El señor Das alzó la vista de la cámara.
—No lo sé. Ronny, ¿dónde está Bobby?
Ronny se encogió de hombros.
—Yo pensaba que andaba por aquí.
—¿Dónde está? —repitió la señora Das con insistencia—.
¿Cómo es que no está con vosotros?
Llamándole a voces, comenzaron a recorrer los lados del sendero. Por un momento, sus propias llamadas les impidieron oír los gritos del pequeño. Cuando por fin lo encontraron, algo más abajo, bajo un árbol, Bobby estaba rodeado por un grupo de monos, más de media docena de ellos, que le tiraban de la camiseta con sus dedos largos y negros. El arroz hinchado vertido por la señora Das sembraba el suelo junto a sus pies, rastrillado por las manos de los monos. El niño guardaba silencio y se mostraba paralizado; unas lágrimas veloces le corrían rostro abajo. Sus piernas desnudas estaban polvorientas y enrojecidas allí donde uno de los monos le golpeaba repetidamente con la estaca que él mismo le entregara antes.
—¡Papá, ese mono está pegándole a Bobby! —exclamó Tina.

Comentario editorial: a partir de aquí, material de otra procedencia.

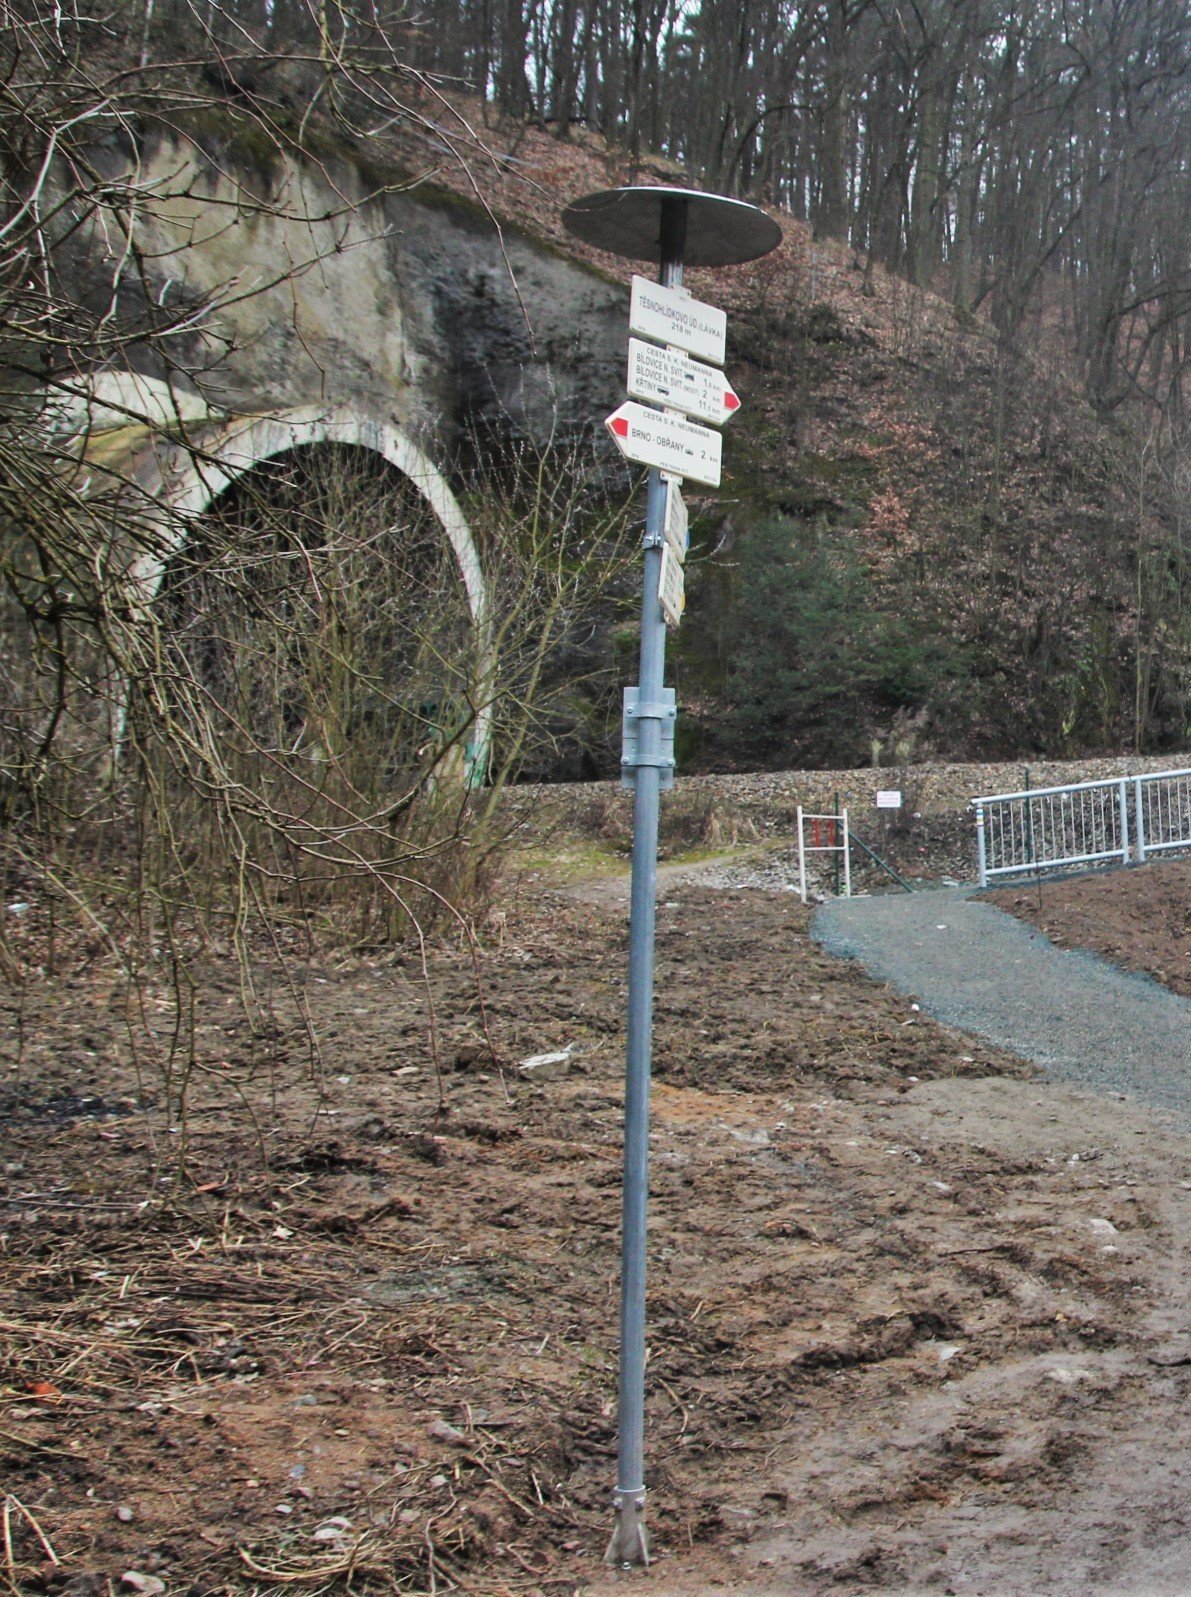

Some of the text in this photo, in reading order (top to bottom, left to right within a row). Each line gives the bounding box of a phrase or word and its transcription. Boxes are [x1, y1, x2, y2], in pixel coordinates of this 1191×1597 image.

El señor Das se frotó las palmas sudorosas contra los pantalones cortos. En su nerviosismo, sin querer, apretó el obturador de la cámara; el zumbido de la película al pasar aumentó la excitación de los monos. El animal armado con la estaca redobló sus golpes contra Bobby.
—¿Qué se supone que tenemos que hacer? ¿Qué hacemos si atacan todos de golpe?
—¡Señor Kapasi! —chilló la señora Das, advirtiendo su presencia a un lado—. ¡Haga alguna cosa, por Dios, haga algo!
El señor Kapasi empuñó su rama y ahuyentó a los monos, silbando con agresividad a quienes se mantenían inmóviles, pateando el suelo a fin de asustarles. Los animales retrocedieron con lentitud, midiendo los pasos, obedientes pero no intimidados. El señor Kapasi tomó a Bobby en brazos y lo llevó junto a sus padres y hermanos. Mientras lo llevaba en brazos, estuvo tentado de susurrarle un secreto al oído. Pero Bobby estaba aturdido, tembloroso de miedo, sangrando ligeramente allí donde la estaca había rasgado la piel de sus piernas. Después de que el señor Kapasi lo devolviera junto a sus padres, el señor Das palmeó su camiseta para liberar la porquería acumulada y reajustó la visera en su cabeza. La señora Das rebuscó en su bolso de paja hasta encontrar una tirita con la que cubrió la herida de la rodilla. Ronny ofreció un chicle a su hermano.
—El chico está bien, sólo un poquito asustado. ¿Verdad, Bobby? —dijo el señor Das, acariciándole la cabeza.
—Por Dios, vayámonos de una vez —intervino la señora Das. La mujer cruzó sus brazos sobre el fresón que tenía en el pecho—. Este sitio me da repelús.
—Sí, vámonos al hotel de una vez —secundó su marido.
—Pobrecito Bobby —musitó ella—. Ven aquí un segundo. Deja que mamá te arregle el pelo.
La mujer volvió a rebuscar en el bolso de paja, sacando esta vez el cepillo, que empezó a pasar junto a la visera translúcida de su hijo. Cuando apartó el cepillo, la tira de papel con la dirección del señor Kapasi revoloteó en el aire. Nadie se dio cuenta; sólo el señor Kapasi. El intérprete la contempló alzarse en el aire, cada vez más alta, arrastrada por la brisa hacia los árboles, donde los monos, sentados, observaban con solemnidad la escena que tenía lugar a sus pies. El señor Kapasi también la observaba, sabedor de que ésta era la imagen de la familia Das que conservaría por siempre en su recuerdo.